* WORK TO BE COMPLETED
Each record needs to be retyped exactly, though its pictures should not appear.

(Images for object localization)
^^^^^^^^

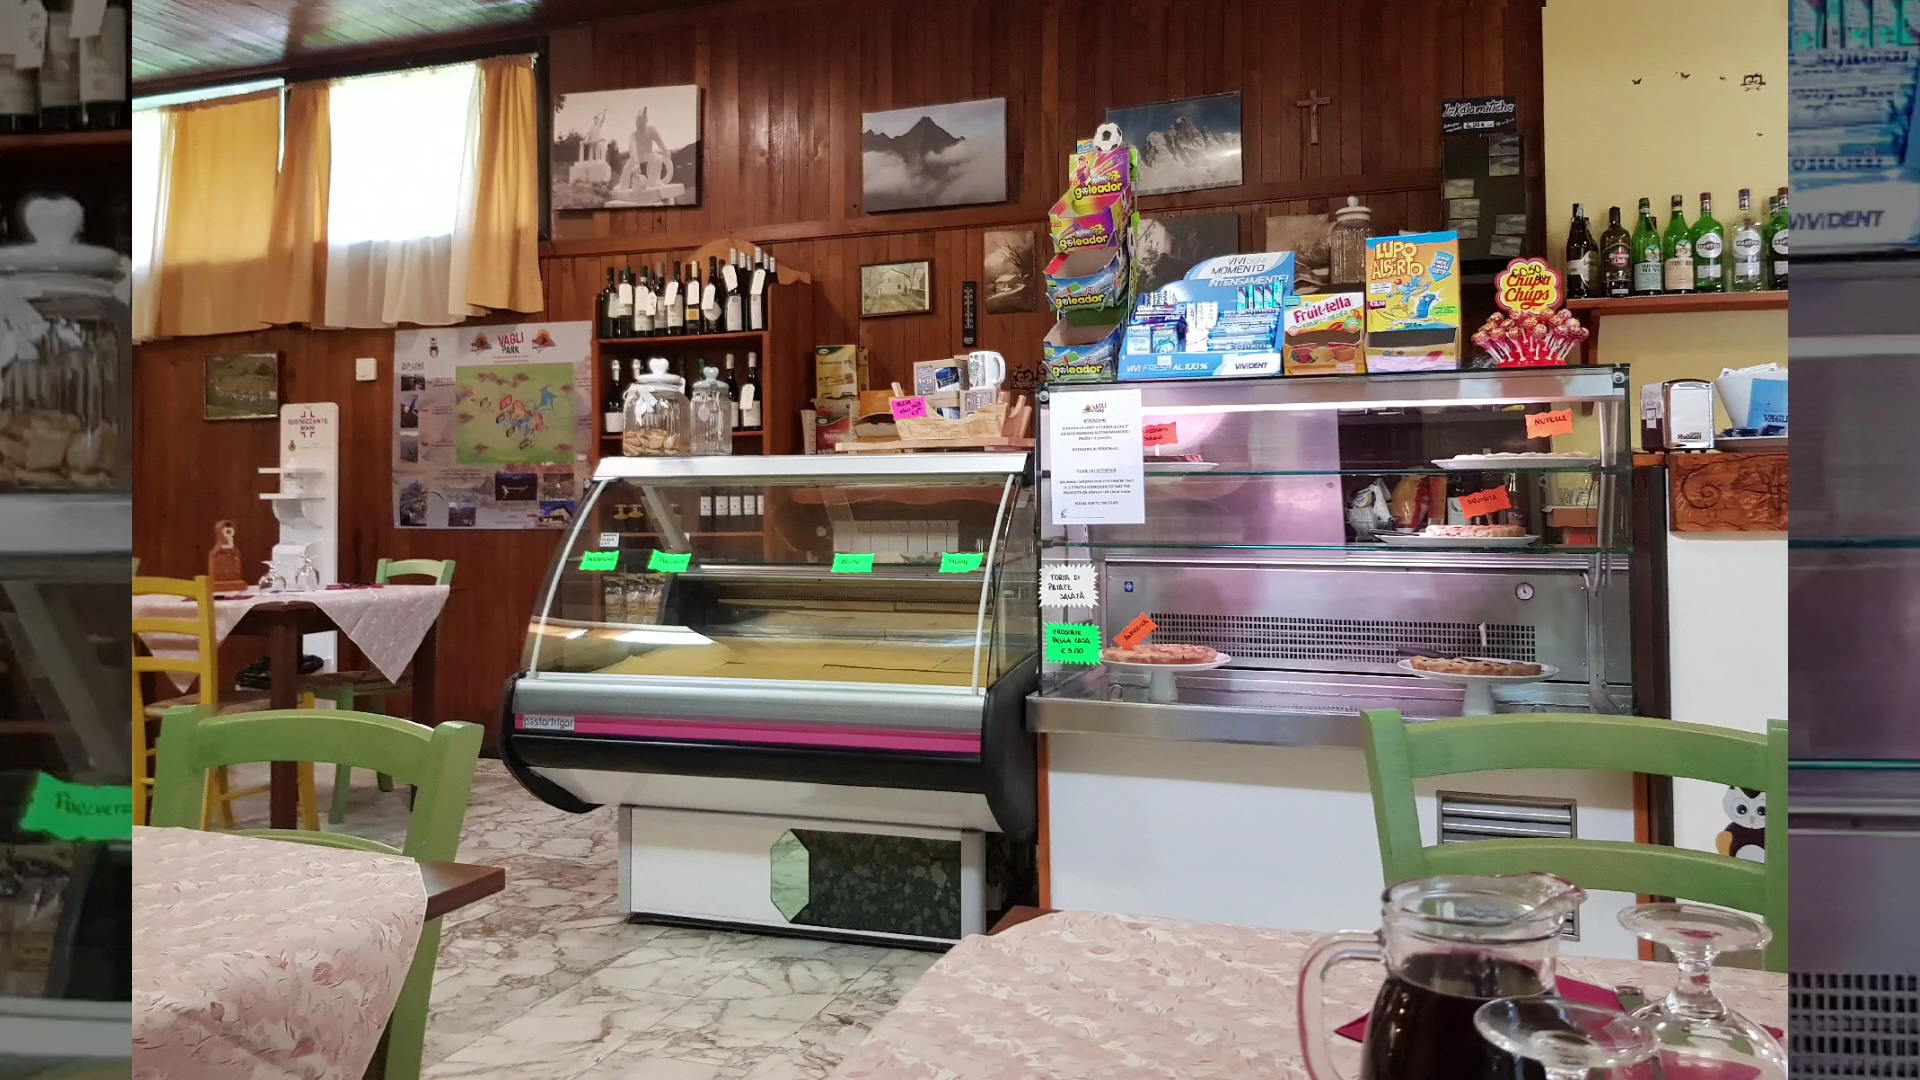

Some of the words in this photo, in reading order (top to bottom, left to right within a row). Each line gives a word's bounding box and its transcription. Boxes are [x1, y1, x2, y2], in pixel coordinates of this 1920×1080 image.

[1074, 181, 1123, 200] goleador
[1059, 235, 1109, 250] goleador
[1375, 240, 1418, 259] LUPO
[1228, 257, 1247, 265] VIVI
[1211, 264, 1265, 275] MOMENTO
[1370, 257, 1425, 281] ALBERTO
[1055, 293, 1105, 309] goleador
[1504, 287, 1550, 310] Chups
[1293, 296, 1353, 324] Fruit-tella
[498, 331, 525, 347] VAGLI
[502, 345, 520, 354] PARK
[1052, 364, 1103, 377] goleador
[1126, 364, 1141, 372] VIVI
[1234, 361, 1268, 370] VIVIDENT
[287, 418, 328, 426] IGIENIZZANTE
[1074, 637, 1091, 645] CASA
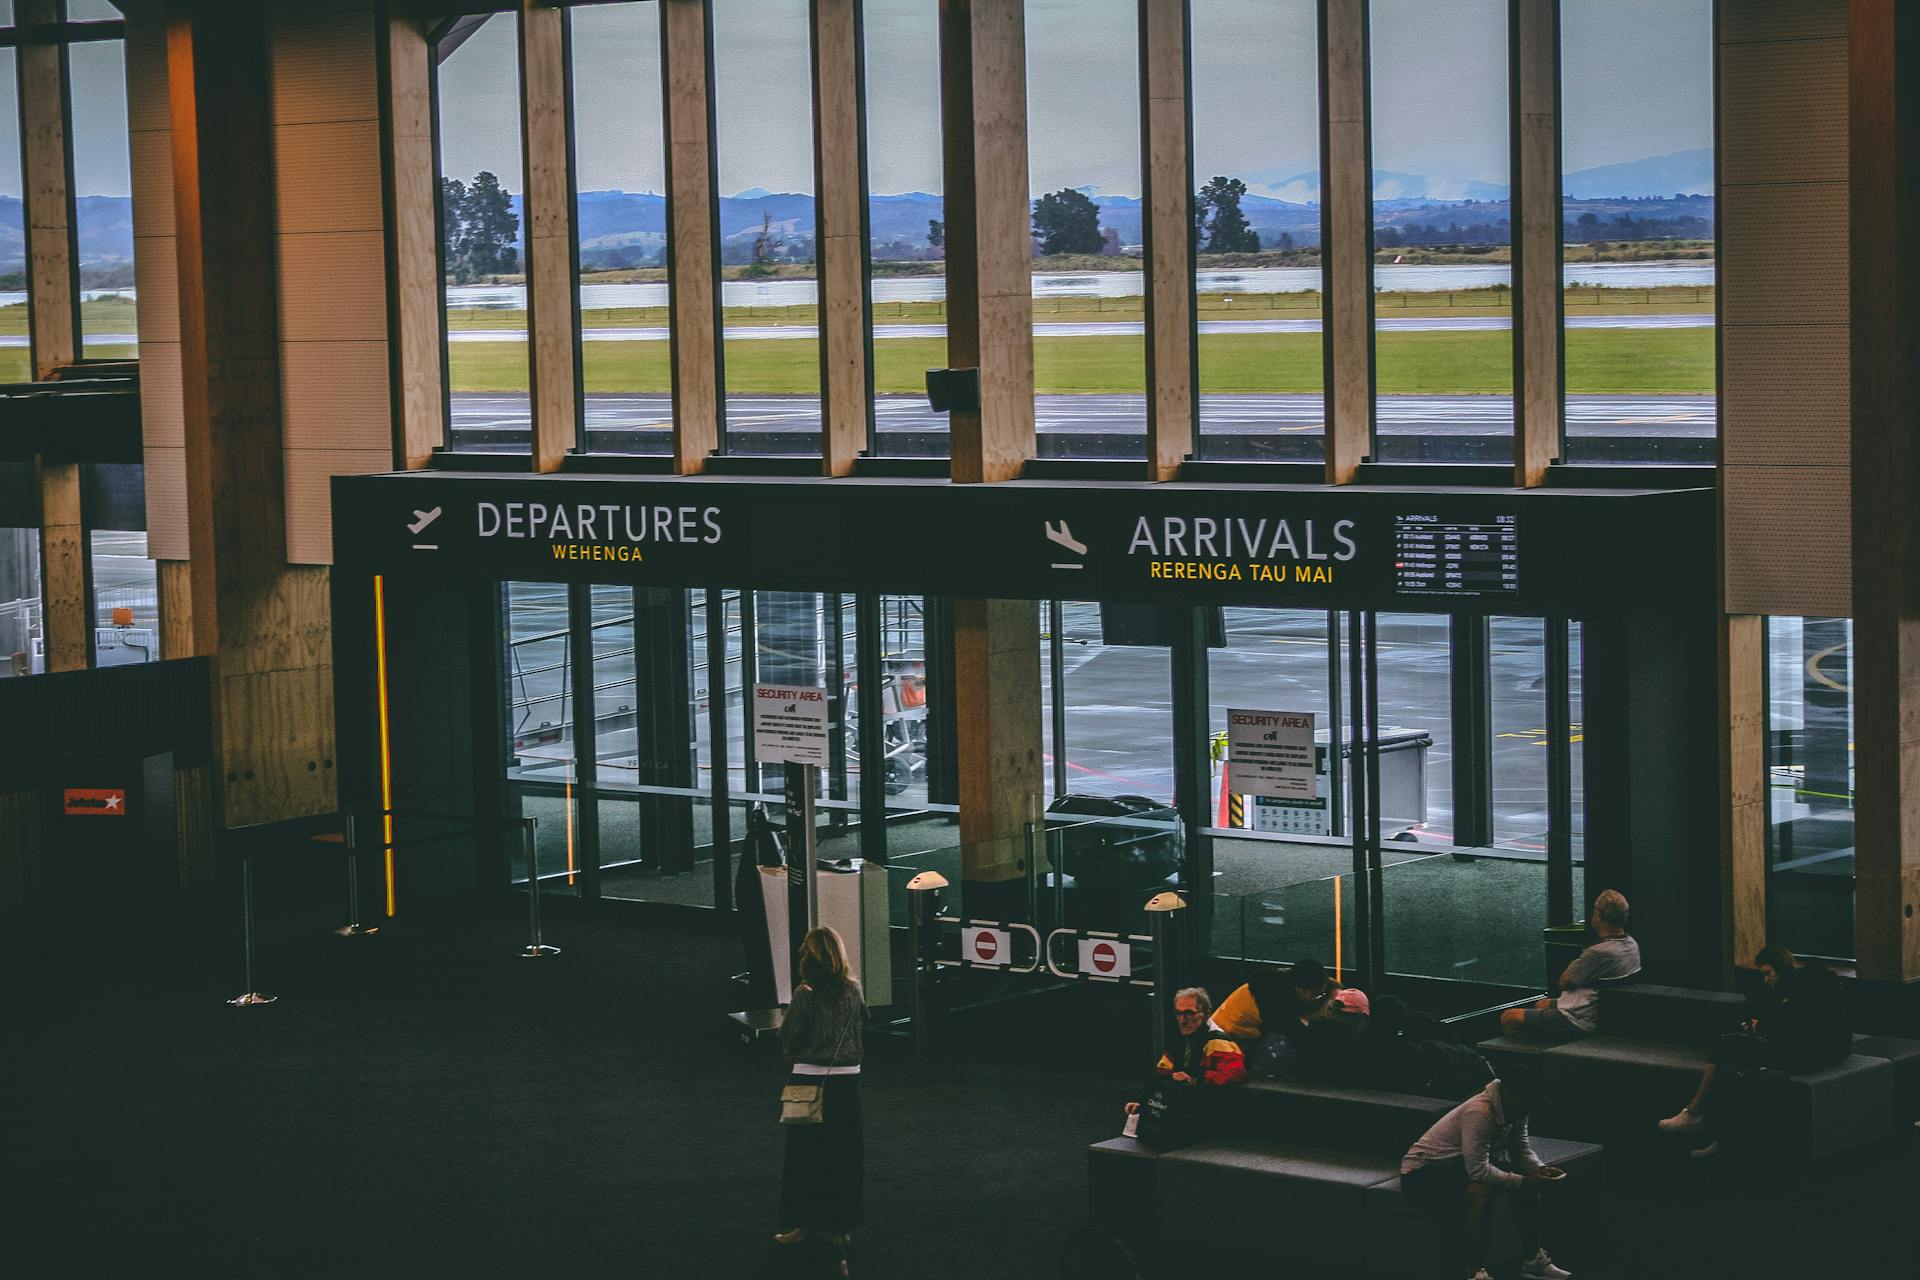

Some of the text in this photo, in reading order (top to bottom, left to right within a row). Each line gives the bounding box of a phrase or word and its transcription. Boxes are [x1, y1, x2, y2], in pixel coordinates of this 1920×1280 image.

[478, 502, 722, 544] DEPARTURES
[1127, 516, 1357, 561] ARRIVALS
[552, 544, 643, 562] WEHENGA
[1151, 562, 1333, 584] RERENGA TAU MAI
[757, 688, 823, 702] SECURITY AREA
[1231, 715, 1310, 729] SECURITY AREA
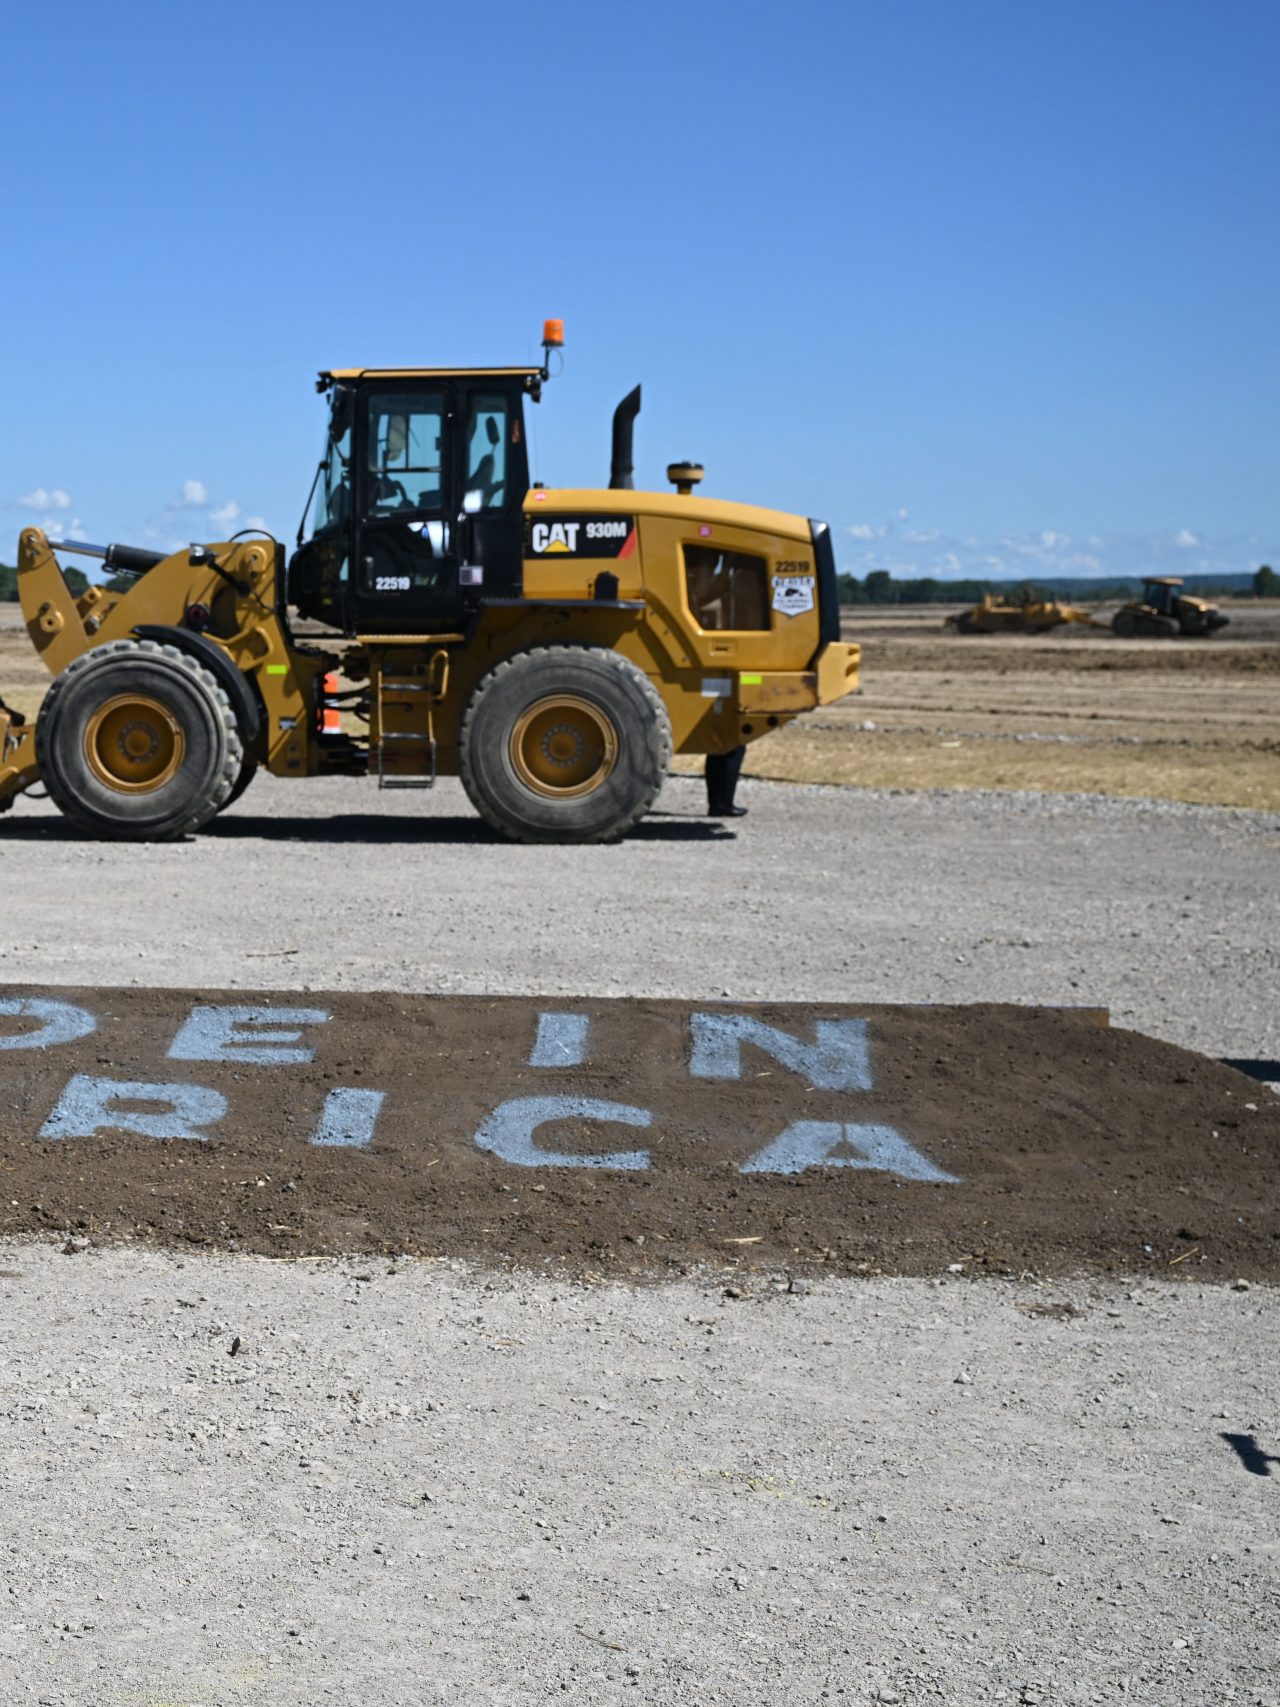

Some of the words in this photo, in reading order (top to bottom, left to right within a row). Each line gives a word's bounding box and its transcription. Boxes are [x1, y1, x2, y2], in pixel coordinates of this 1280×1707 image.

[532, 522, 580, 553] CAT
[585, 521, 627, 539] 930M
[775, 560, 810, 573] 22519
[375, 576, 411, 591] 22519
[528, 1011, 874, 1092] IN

^^^^^^^^

* RESULT FOR THIS EXERCISE
Some of the words in this photo, in reading order (top to bottom, left to right within a row). Each line gives a word's bounding box and its transcription. Boxes are [x1, y1, x2, y2], in pixel coordinates of this 1920×1080 image.

[1074, 181, 1123, 200] goleador
[1059, 235, 1109, 250] goleador
[1375, 240, 1418, 259] LUPO
[1228, 257, 1247, 265] VIVI
[1211, 264, 1265, 275] MOMENTO
[1370, 257, 1425, 281] ALBERTO
[1055, 293, 1105, 309] goleador
[1504, 287, 1550, 310] Chups
[1293, 296, 1353, 324] Fruit-tella
[498, 331, 525, 347] VAGLI
[502, 345, 520, 354] PARK
[1052, 364, 1103, 377] goleador
[1126, 364, 1141, 372] VIVI
[1234, 361, 1268, 370] VIVIDENT
[287, 418, 328, 426] IGIENIZZANTE
[1074, 637, 1091, 645] CASA

Some of the text in this photo, in reading order (top to bottom, left to right within a row). Each line gives the bounding box of a phrase or word and its transcription. Boxes are [x1, y1, x2, y2], in pixel coordinates of this 1920×1280 image.

[478, 502, 722, 544] DEPARTURES
[1127, 516, 1357, 561] ARRIVALS
[552, 544, 643, 562] WEHENGA
[1151, 562, 1333, 584] RERENGA TAU MAI
[757, 688, 823, 702] SECURITY AREA
[1231, 715, 1310, 729] SECURITY AREA

Some of the words in this photo, in reading order (top to bottom, left to right within a row). Each line gives a word's bounding box and its transcription. Boxes are [x1, y1, x2, y2], in pixel coordinates of this 1280×1707 image.

[532, 522, 580, 553] CAT
[585, 521, 627, 539] 930M
[775, 560, 810, 573] 22519
[375, 576, 411, 591] 22519
[528, 1011, 874, 1092] IN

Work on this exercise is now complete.